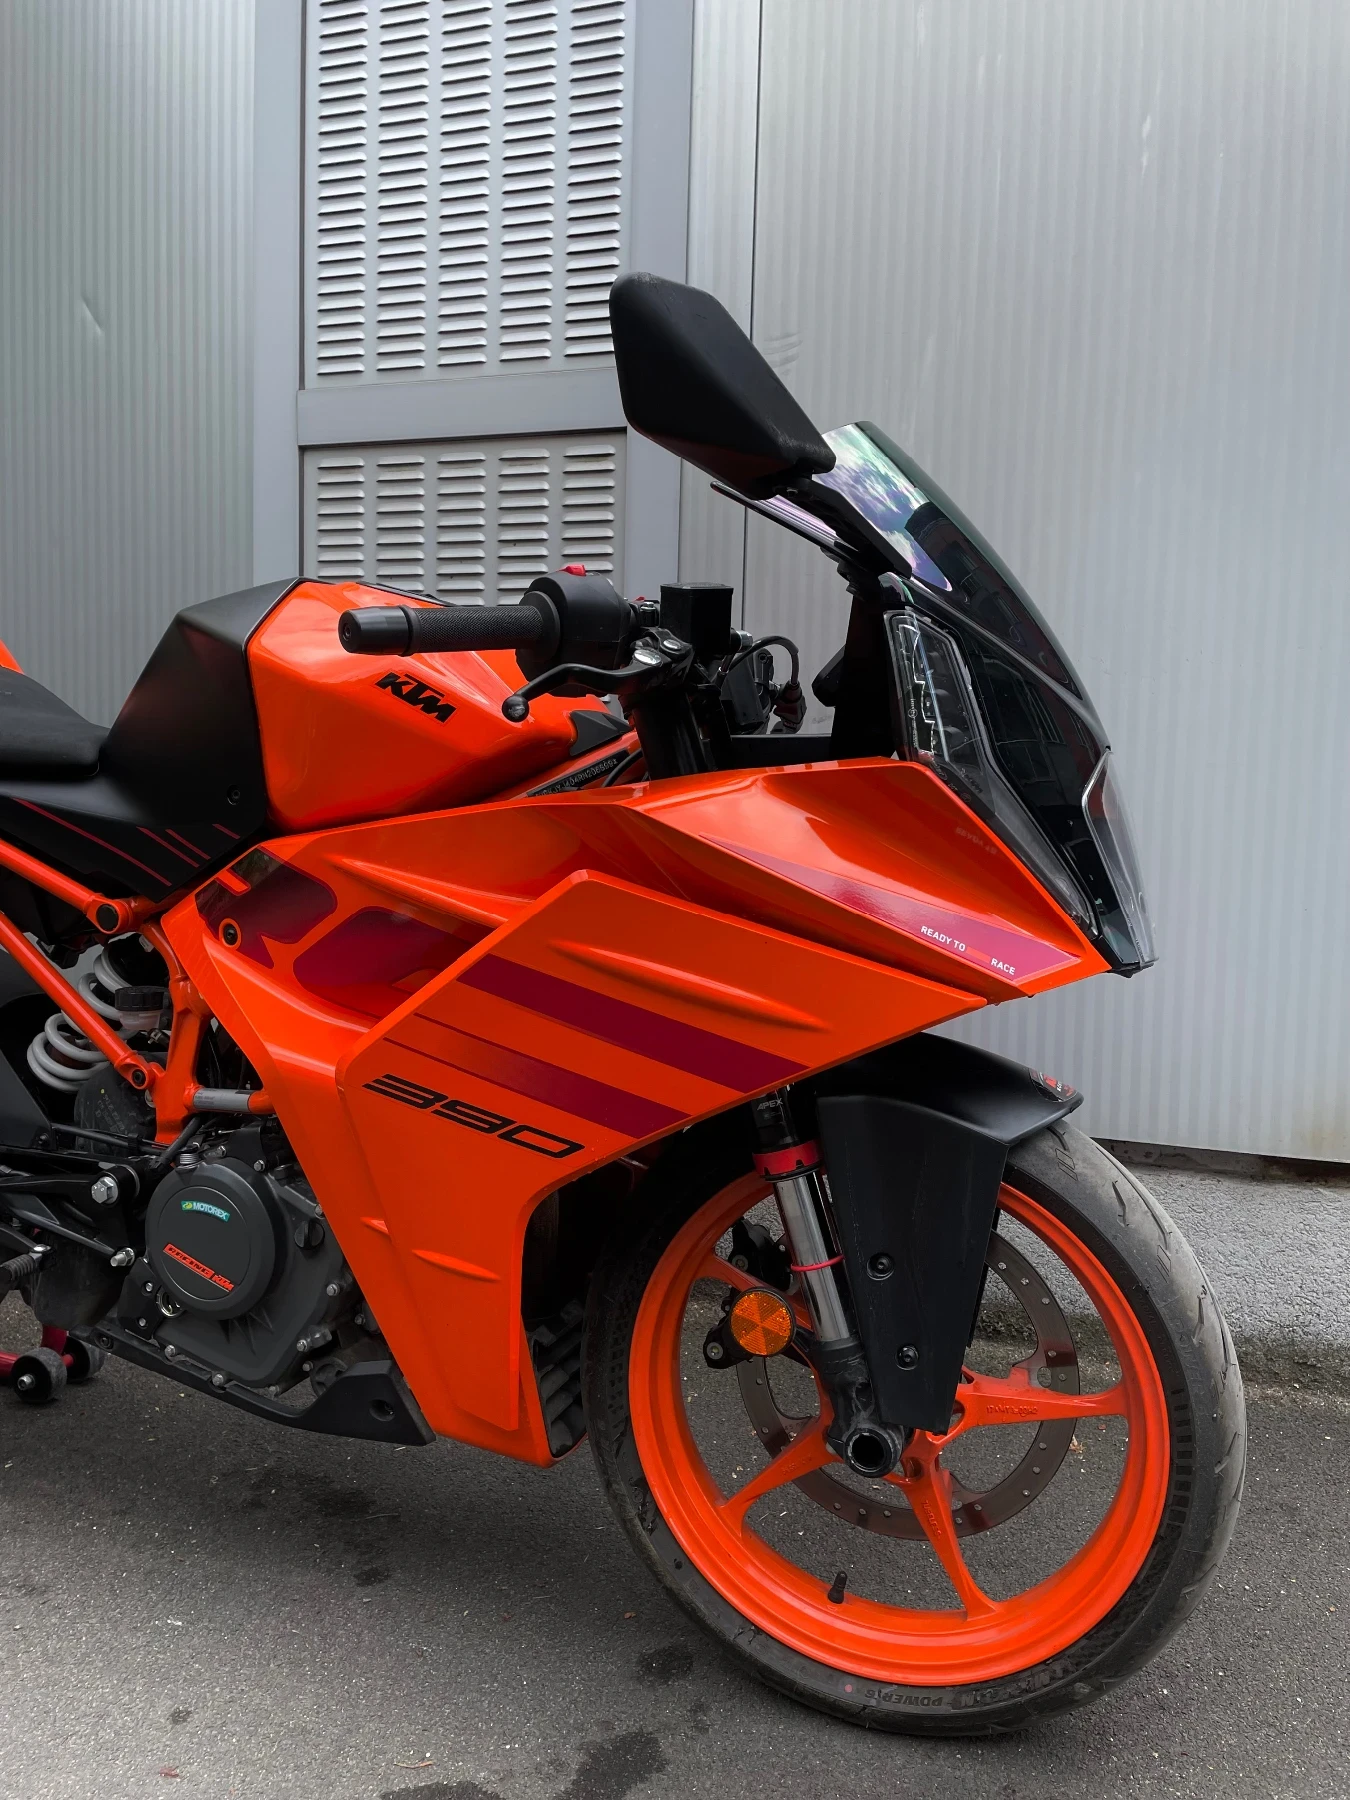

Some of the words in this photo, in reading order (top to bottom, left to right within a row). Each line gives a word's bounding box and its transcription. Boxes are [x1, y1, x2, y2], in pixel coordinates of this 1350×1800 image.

[374, 672, 457, 723] KTM
[921, 926, 952, 945] READY
[954, 940, 966, 952] TO
[991, 958, 1016, 976] RACE
[362, 1074, 586, 1159] 390
[757, 1098, 783, 1110] APEX
[193, 1202, 229, 1220] MOTOREX
[166, 1245, 211, 1277] RACING
[212, 1275, 234, 1291] KTM
[882, 1690, 944, 1707] POWER
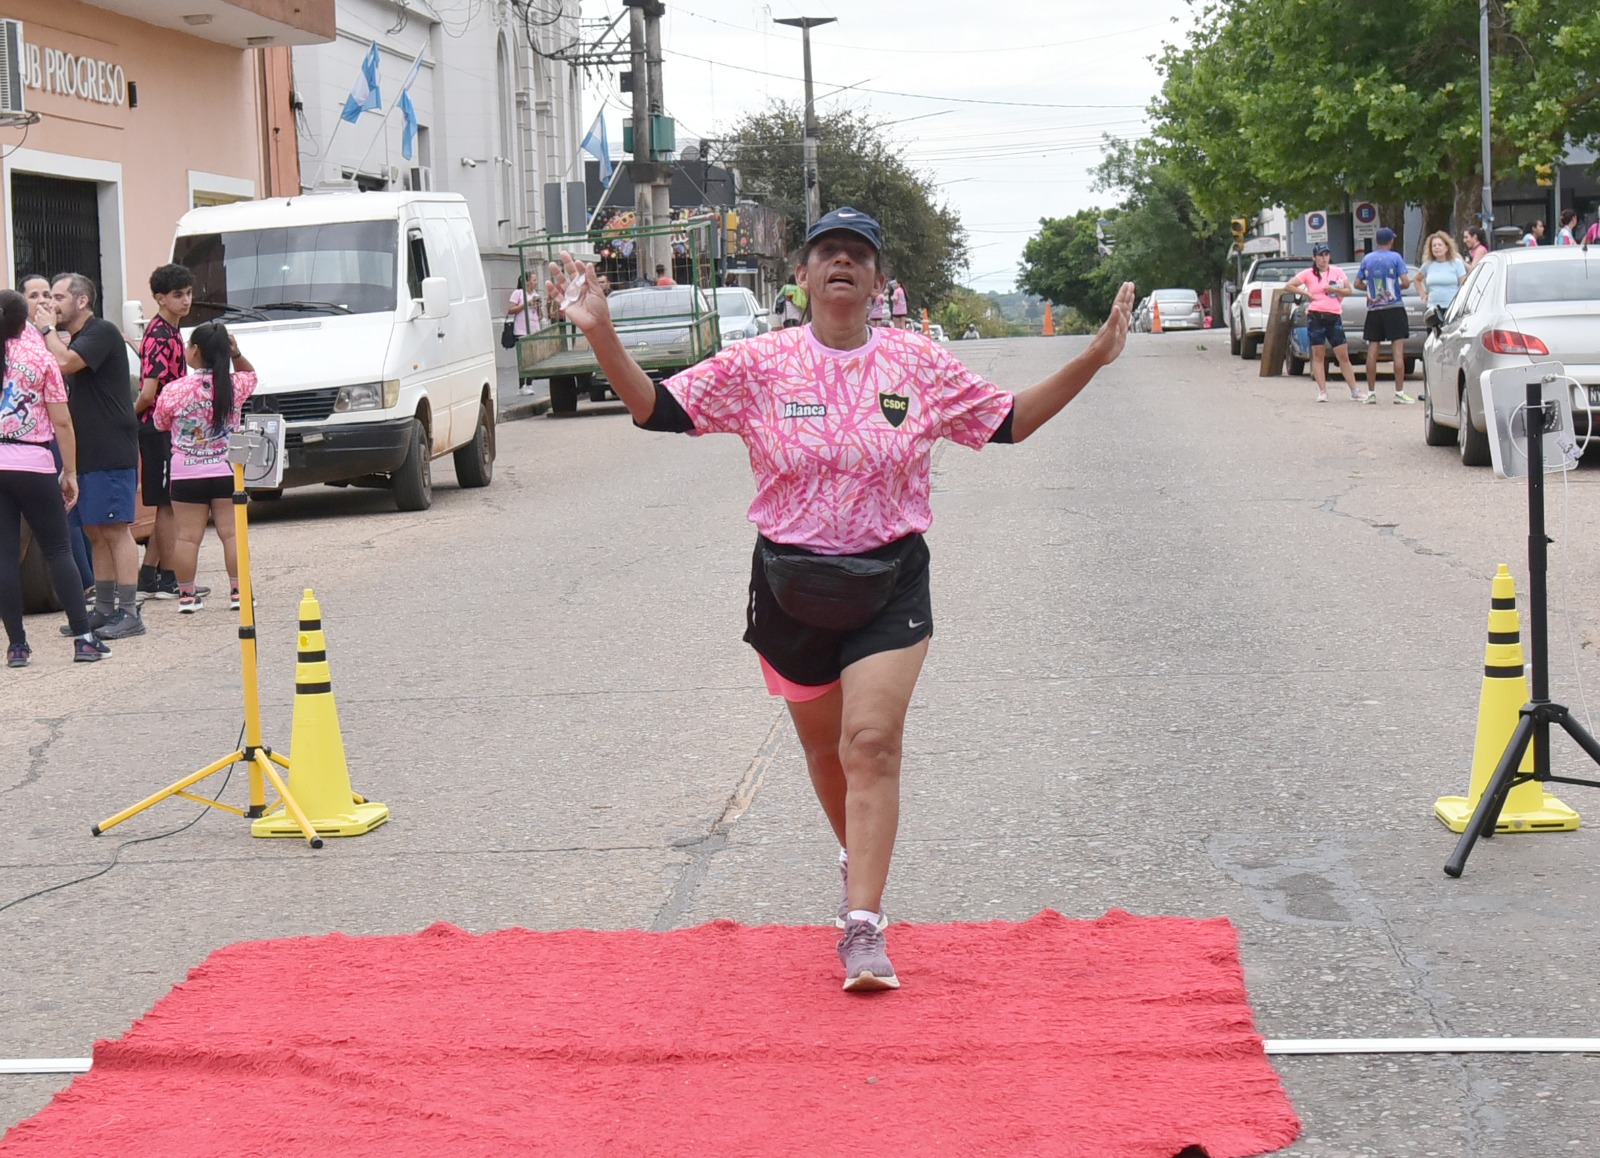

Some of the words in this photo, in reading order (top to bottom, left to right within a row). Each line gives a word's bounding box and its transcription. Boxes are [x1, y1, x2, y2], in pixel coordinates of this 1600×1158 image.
----------------------------------------
= THE TASK =
Word for word, restate all of the entries above and leave each picture out.

= WORKED SOLUTION =
Some of the words in this photo, in reading order (top to bottom, left to right within a row). Each line gives a word's bounding box and its transcription. Boxes are [x1, y1, x2, y2], in pixel coordinates of this 1350×1800 image.

[374, 672, 457, 723] KTM
[921, 926, 952, 945] READY
[954, 940, 966, 952] TO
[991, 958, 1016, 976] RACE
[362, 1074, 586, 1159] 390
[757, 1098, 783, 1110] APEX
[193, 1202, 229, 1220] MOTOREX
[166, 1245, 211, 1277] RACING
[212, 1275, 234, 1291] KTM
[882, 1690, 944, 1707] POWER

Some of the words in this photo, in reading order (top to bottom, left to right within a row). Each line gives a word's bounding box and its transcription. Boxes are [x1, y1, x2, y2], in pixel coordinates of this 1600×1158 image.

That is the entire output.